Économie

Algérie: poursuite de la protestation populaire contre l’exploitation du gaz du schiste dans le sud

Une marche des habitants a sillonné les principales artères de la ville où a été inauguré un puits expérimental, en vue d’exprimer le rejet au projet, au moment où d’autres protestataires maintiennent un sit-in devant le siège de la daïra pour réclamer l’arrêt des travaux, indique l’APS.

Pour sa part, le journal +El Watan+ rapporte, dans sa version électronique, qu’une quarantaine de manifestants anti-gaz de schiste ont tenté de fermer la route menant au site des forages exploratoires contestés, à une trentaine de kilomètres au sud de la ville.

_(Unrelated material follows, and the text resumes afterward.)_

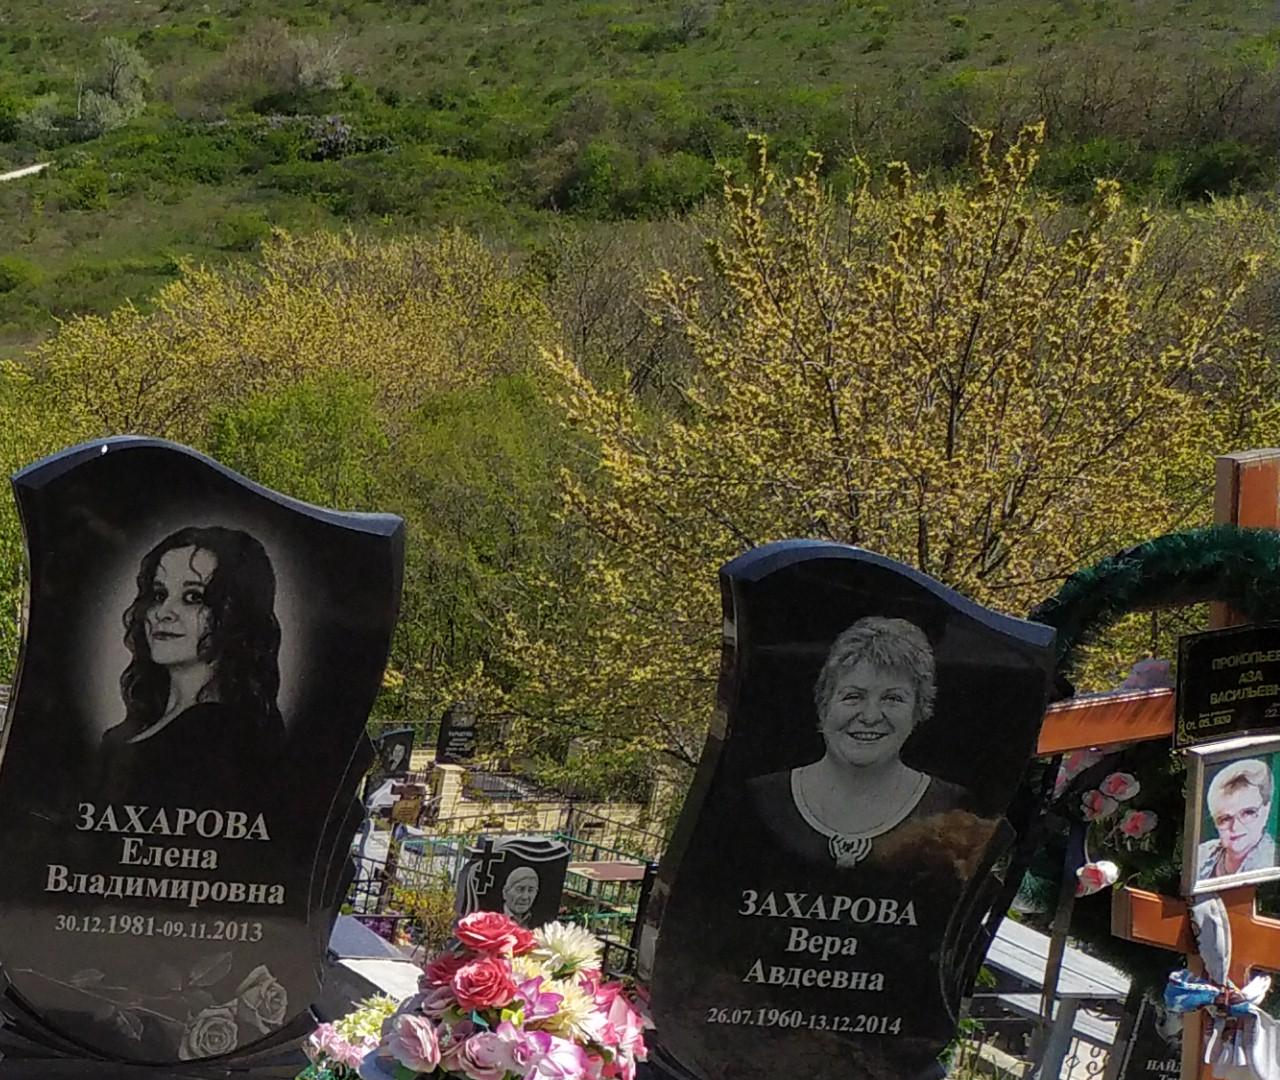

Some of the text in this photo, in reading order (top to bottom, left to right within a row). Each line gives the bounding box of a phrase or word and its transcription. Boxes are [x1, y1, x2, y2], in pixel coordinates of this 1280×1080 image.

En plus des craintes relatives aux effets néfastes tant sur la santé publique utilisation de certains fluides chimiques décrits comme cancérigènes- que l’environnement (nappes phréatiques), les populations du Sud, qui ont entamé leur protestation fin décembre, sont tout particulièrement inquiètes de l’impact du gaz de schiste sur les rares ressources hydriques de leur région.

Un forage de schiste nécessite des quantités d’eau encore plus grandes qu’un puits classique. Or, la région est très pauvre en cette denrée vitale et dépend exclusivement des eaux souterraines. Elle serait exposée à un stress hydrique aigu, au cas où Sonatrach met à exécution ses plans de 200 forages par an pour une production de 20 milliards M3 de gaz.

Le Premier ministre, Abdelmalek Sellal, avait réitéré que le gouvernement n’envisageait pas d’entamer l’exploitation du gaz de schiste à court terme, mais qu’il s’agissait seulement d’une phase d’étude et d’exploration. Pour compenser la baisse drastique des prix du pétrole, l’Algérie compte investir dans le gaz du schiste en dépit de l’opposition des populations, des experts et des écologistes.